Segment Open

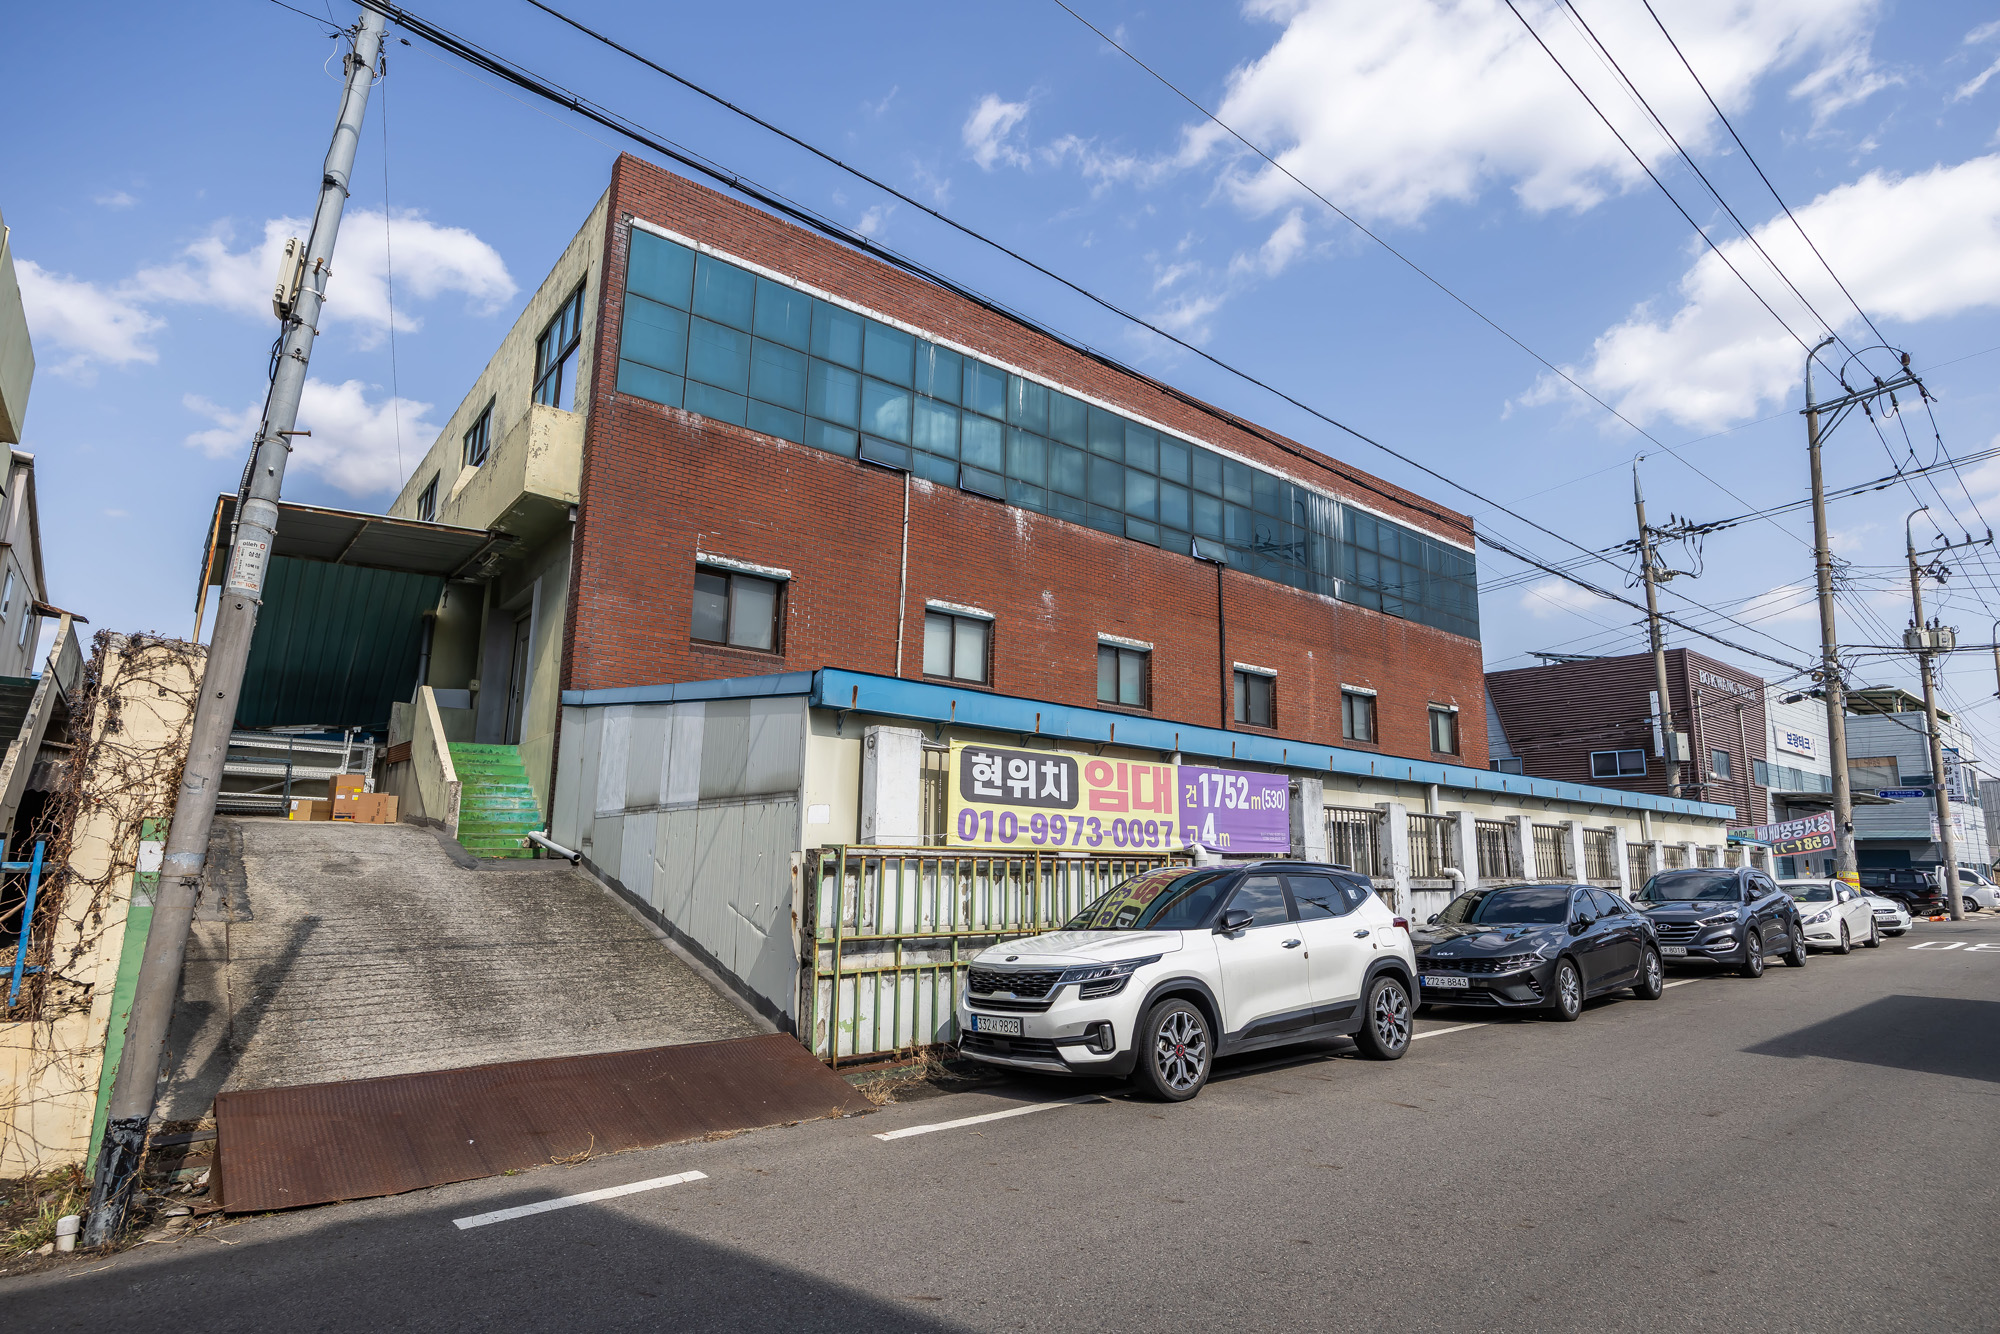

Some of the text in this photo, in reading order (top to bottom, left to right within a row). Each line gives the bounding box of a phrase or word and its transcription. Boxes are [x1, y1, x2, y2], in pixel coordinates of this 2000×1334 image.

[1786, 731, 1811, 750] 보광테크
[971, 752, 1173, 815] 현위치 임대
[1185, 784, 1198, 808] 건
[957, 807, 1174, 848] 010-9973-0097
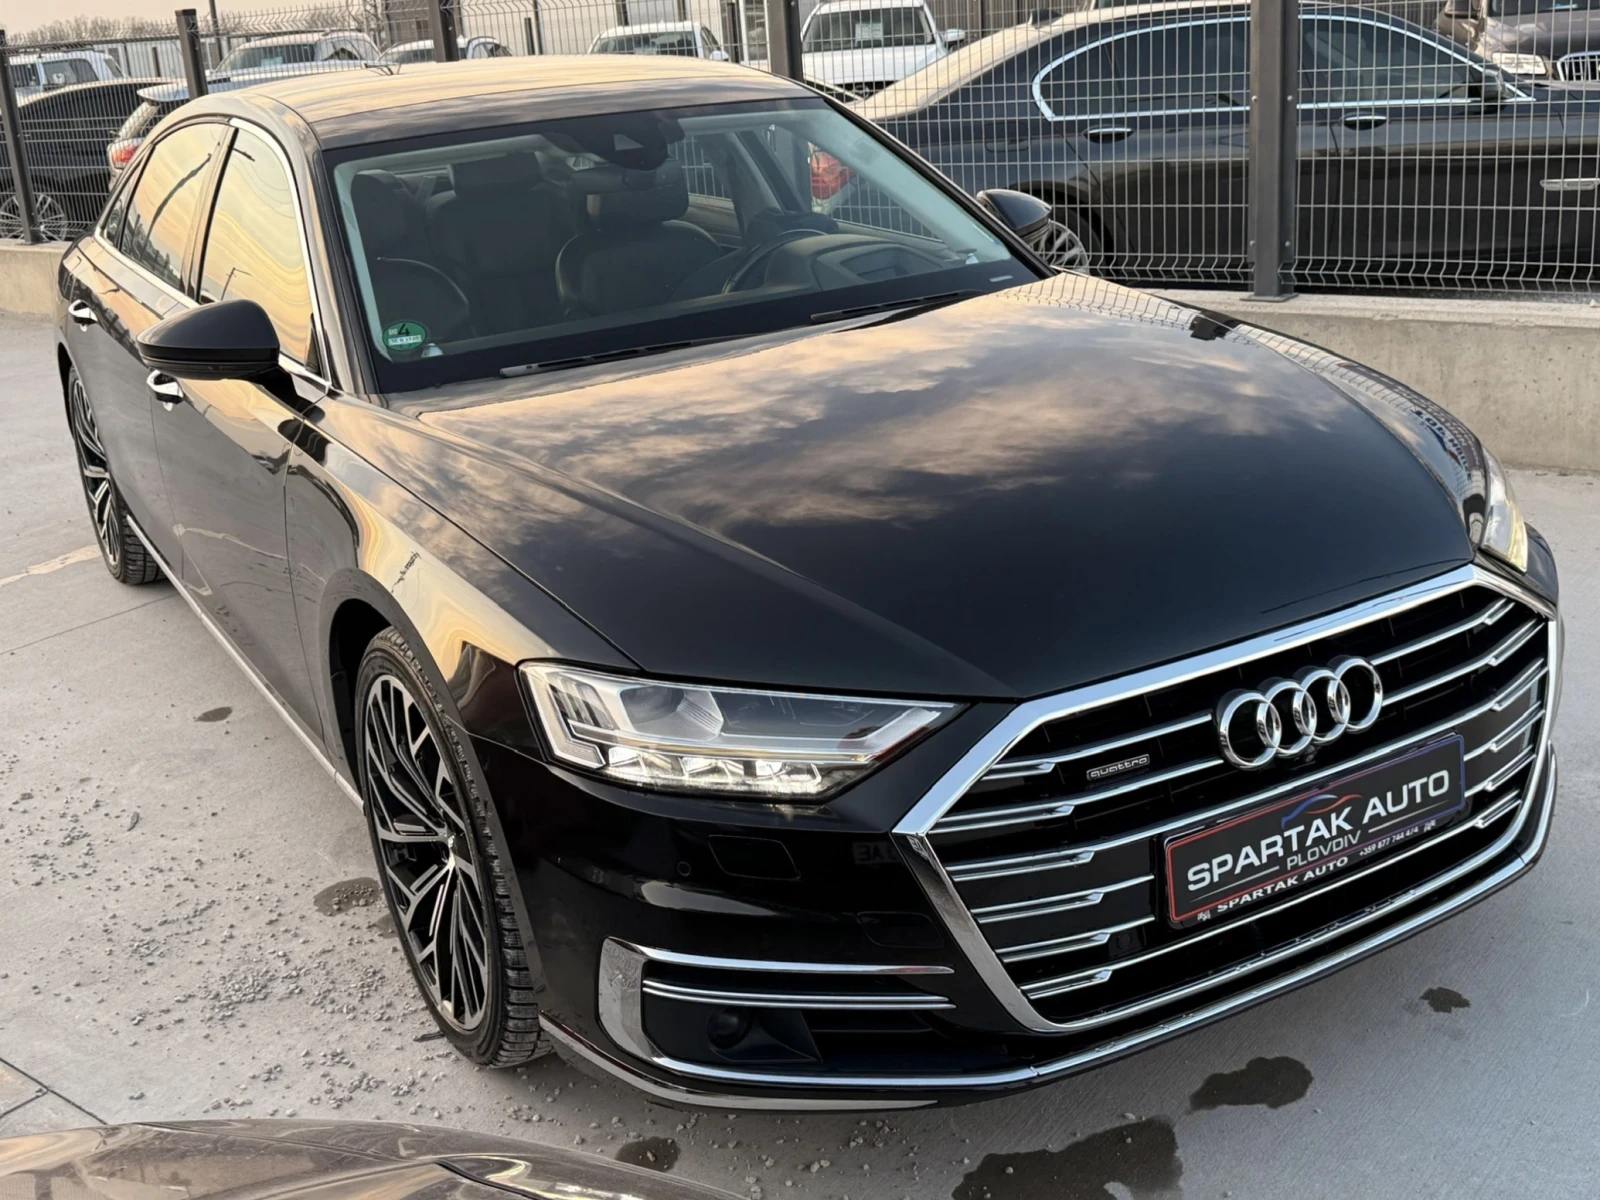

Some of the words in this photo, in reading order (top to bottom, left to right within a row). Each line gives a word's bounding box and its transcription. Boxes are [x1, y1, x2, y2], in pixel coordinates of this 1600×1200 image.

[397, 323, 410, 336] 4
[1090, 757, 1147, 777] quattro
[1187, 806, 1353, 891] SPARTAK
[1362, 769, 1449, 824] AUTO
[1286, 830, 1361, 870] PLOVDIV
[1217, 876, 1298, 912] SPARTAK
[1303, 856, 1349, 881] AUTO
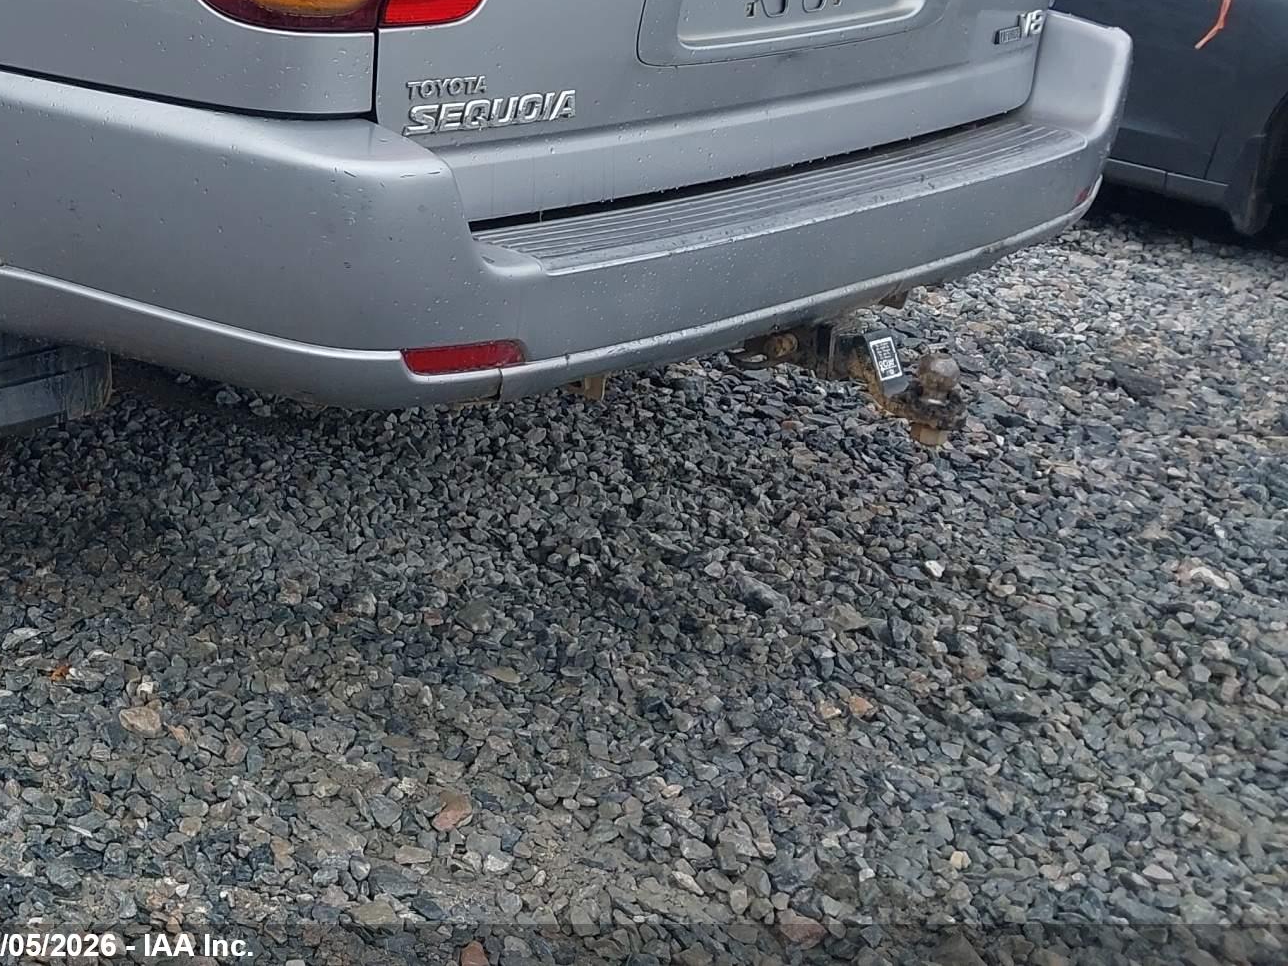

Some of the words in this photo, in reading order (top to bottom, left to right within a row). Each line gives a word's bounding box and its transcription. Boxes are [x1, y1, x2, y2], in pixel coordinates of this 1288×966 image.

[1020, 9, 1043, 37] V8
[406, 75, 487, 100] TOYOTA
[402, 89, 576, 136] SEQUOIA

Segment Closed

◆ Assignment
The whole listing should be printed again exactly as written, images excluded.

◆ Task solution
Some of the text in this photo, in reading order (top to bottom, left to right within a row). Each line gives the bounding box of a phrase or word and its transcription. Boxes are [x1, y1, x2, y2], in pixel coordinates of this 2000×1334 image.

[1786, 731, 1811, 750] 보광테크
[971, 752, 1173, 815] 현위치 임대
[1185, 784, 1198, 808] 건
[957, 807, 1174, 848] 010-9973-0097

Some of the words in this photo, in reading order (top to bottom, left to right within a row). Each line gives a word's bounding box and its transcription. Boxes are [x1, y1, x2, y2], in pixel coordinates of this 1600×1200 image.

[397, 323, 410, 336] 4
[1090, 757, 1147, 777] quattro
[1187, 806, 1353, 891] SPARTAK
[1362, 769, 1449, 824] AUTO
[1286, 830, 1361, 870] PLOVDIV
[1217, 876, 1298, 912] SPARTAK
[1303, 856, 1349, 881] AUTO

Some of the words in this photo, in reading order (top to bottom, left to right within a row). Each line gives a word's bounding box and its transcription. Boxes are [x1, y1, x2, y2], in pixel coordinates of this 1288×966 image.

[1020, 9, 1043, 37] V8
[406, 75, 487, 100] TOYOTA
[402, 89, 576, 136] SEQUOIA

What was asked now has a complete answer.